The most important thing to know about these files is that they are compressed (signified by .lz). You will have absolutely no luck making sense of them as they are. Thankfully, looking into existing tutorials on ROMHacking such as this one, I was able to make some progress. CrystalTile2 can extract the individual files, BatchLZ77 can decompress them, and then CrystalTile2 can re-open them (note: it isn't a recognized file type but if you ask CrystalTile2 to open it anyway it will display the data correctly). Any edits made to this can then be saved, and BatchLZ77 can re-compress the file, after which it can be re-inserted into the ROM.
Is this a headache? Yes. But does it work? Also yes.
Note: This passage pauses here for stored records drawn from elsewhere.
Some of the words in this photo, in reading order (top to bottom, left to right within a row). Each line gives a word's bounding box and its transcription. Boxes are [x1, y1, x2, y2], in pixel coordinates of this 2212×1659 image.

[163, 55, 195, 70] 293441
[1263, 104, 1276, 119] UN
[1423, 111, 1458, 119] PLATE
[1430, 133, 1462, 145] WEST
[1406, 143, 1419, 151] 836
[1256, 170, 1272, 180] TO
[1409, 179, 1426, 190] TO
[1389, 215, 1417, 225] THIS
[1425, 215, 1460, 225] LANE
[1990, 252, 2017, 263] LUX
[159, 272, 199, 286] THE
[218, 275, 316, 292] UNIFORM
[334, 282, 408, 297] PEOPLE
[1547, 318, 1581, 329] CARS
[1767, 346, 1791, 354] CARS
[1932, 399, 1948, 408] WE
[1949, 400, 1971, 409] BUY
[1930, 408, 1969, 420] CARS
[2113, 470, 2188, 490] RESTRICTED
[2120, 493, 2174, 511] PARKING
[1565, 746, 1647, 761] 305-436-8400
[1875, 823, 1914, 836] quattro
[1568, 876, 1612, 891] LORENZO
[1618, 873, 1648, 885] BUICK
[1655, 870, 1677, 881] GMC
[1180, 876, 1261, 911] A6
BatchLZ77 and CrystalTile2 so far are the only tools I've needed to use for this entire project.
From here on out, I won't refer to the files as "[...].xml.lz", which is their compressed format. The files being referenced are simple .xml files, and they refer to each other as ".xml" - these files contain the instructions for how the game plays out. They are the scenes and gameplay. If I refer to "filename.xml" I am referring to the file "filename.xml.lz" after it has been extracted and decompressed. Just keep in mind it will need to be compressed again and re-inserted into the ROM to actually implement any changes.
I've done a lot of testing with these files. Pro tip: the st01/st01_root.xml file is what tells the game what to pull when you click "New Game." The first line of legible code in it (after what appears in plaintext as a chunk of gibberish) calls st01/st01_game000_Expand.xml, which is the first scene in the game, but if you replace that with literally any other .xml file in the game it will pull that one up instead. This makes it really easy to test things for specific scenes, and also determine what each scene is. This is how I've been able to figure out as much as I have.
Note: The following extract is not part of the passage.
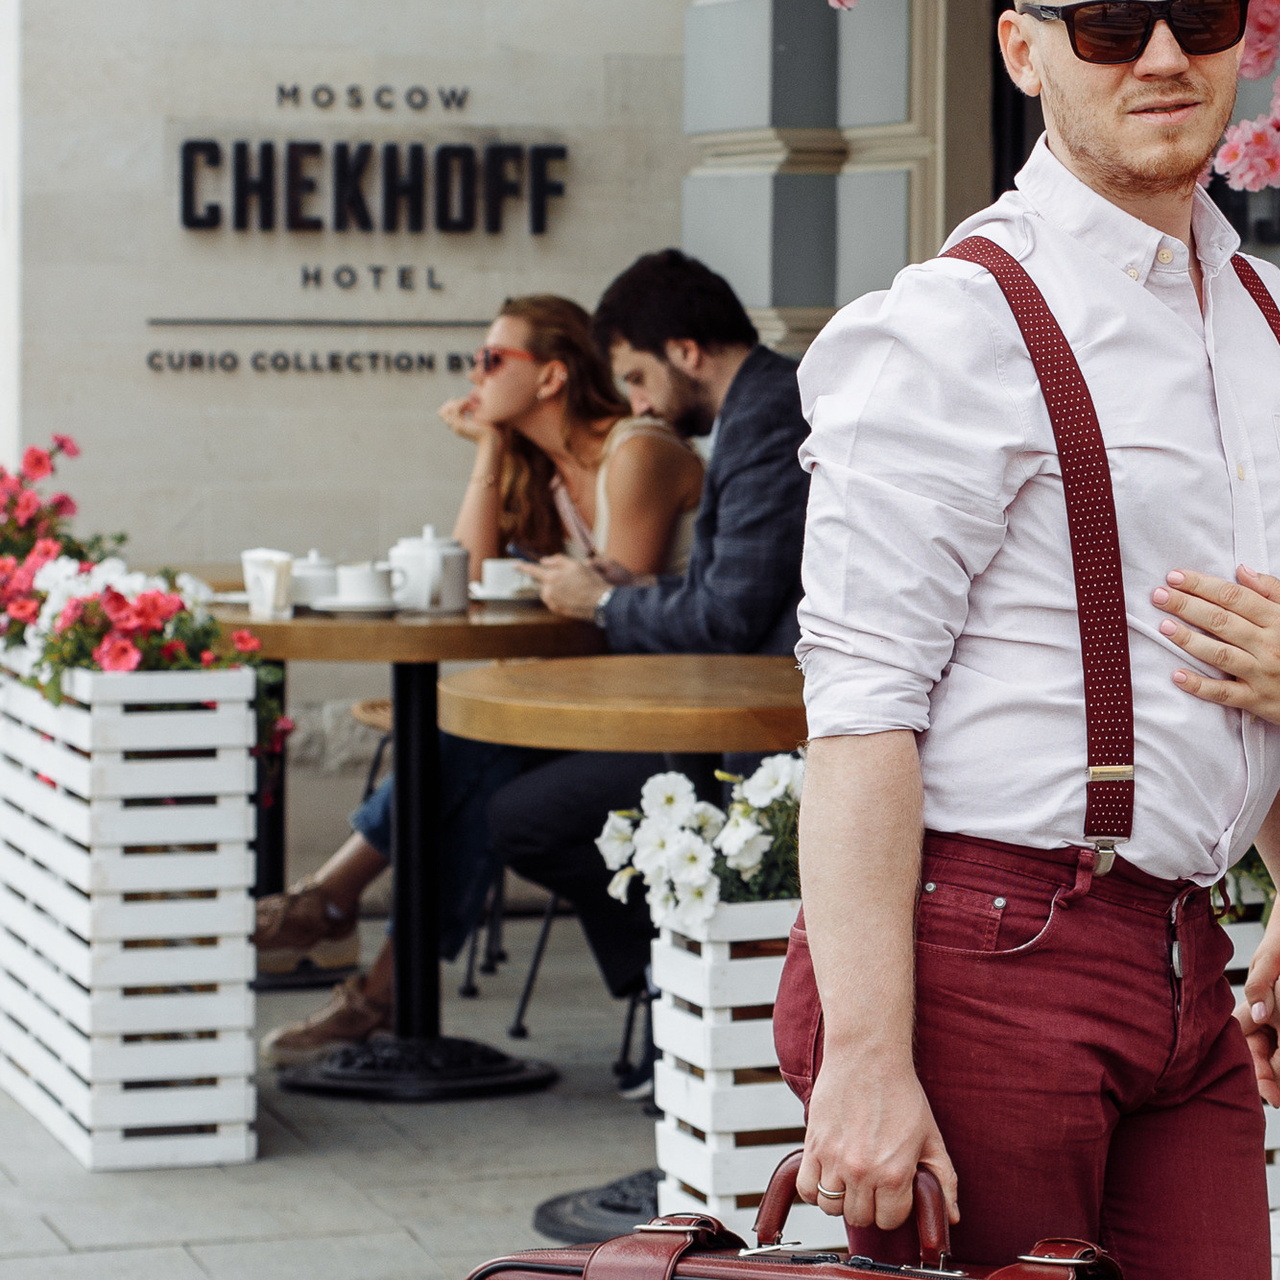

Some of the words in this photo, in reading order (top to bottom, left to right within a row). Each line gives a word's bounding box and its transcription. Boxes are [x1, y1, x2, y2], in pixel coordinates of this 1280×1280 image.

[276, 83, 471, 112] MOSCOW
[180, 138, 568, 236] CHEKHOFF
[300, 265, 444, 292] HOTEL
[250, 350, 436, 374] COLLECTION
I'll go ahead and lay out what I've determined about the contents of these .xml files:
"st##" refers to the locations in the game. "st01" is the junkyard, "st02" is the supervisor's office basement, "st05" is Lynne's apartment. The game is logically divided by these distinct locations.
"game###" xml files refer to specific scenes at each location. In most cases "game000" is the first scene that plays out at that location, and so on.
"demo###" xml files refer to animated cutscenes that play out at a particular location. In most cases if a cutscene is triggered in one location but takes place at another (for example, if the main scene is happening at st09 but someone triggers a flashback that takes place at st01), the demo file will live in the location of the cutscene as opposed to the greater scene (in the above example, the demo file will be in st01).
To clarify the last point somewhat: "demo" files are generally called within "game" files as assets. The "game" files are the biggest meat of the game.
"game###" files also call upon some form of sub-file or variable with names like "m##_####". After trial and error I was able to determine that these "m"s are what call lines of text and their associated talk sprites. I assume "m" stands for "message."
"m##_###"s are also mostly numbered in reference to the stage in which the scene takes place; so a game file in st01 might have text referred to as m01_0020. The only exception to this is if a demo file has text, in which case the m##_####'s will be numbered in reference to the game file that calls the demo file. I know this sounds overly complicated, but it just means that a cutscene originally called from a scene in st14 will have dialogue named "m14_####."
And, the most important thing, the thing which took way too long to figure out, the thing which is the solution to all of my problems: THE M##_#### VARIABLES ARE DEFINED UNIQUELY FOR THE SPECIFIC LOCALIZATION FILES FOR EACH LANGUAGE. INCLUDING THE TALK SPRITES.
This means you can mess with the st01_game000_Expand.xml file as much as you want, but you will never be able to change anything about the talk sprites that come up with the dialogue. You can swap around the existing ones and you can even mess with animations, but you cannot change anything about the existing dialogue. (I did have a bit of fun with the animations though.) My testing seems to indicate that these files have the overall information for how each scene plays, but they call the individual localization files for the dialogue, and the sprites are separately hard-coded for each line of dialogue in each language.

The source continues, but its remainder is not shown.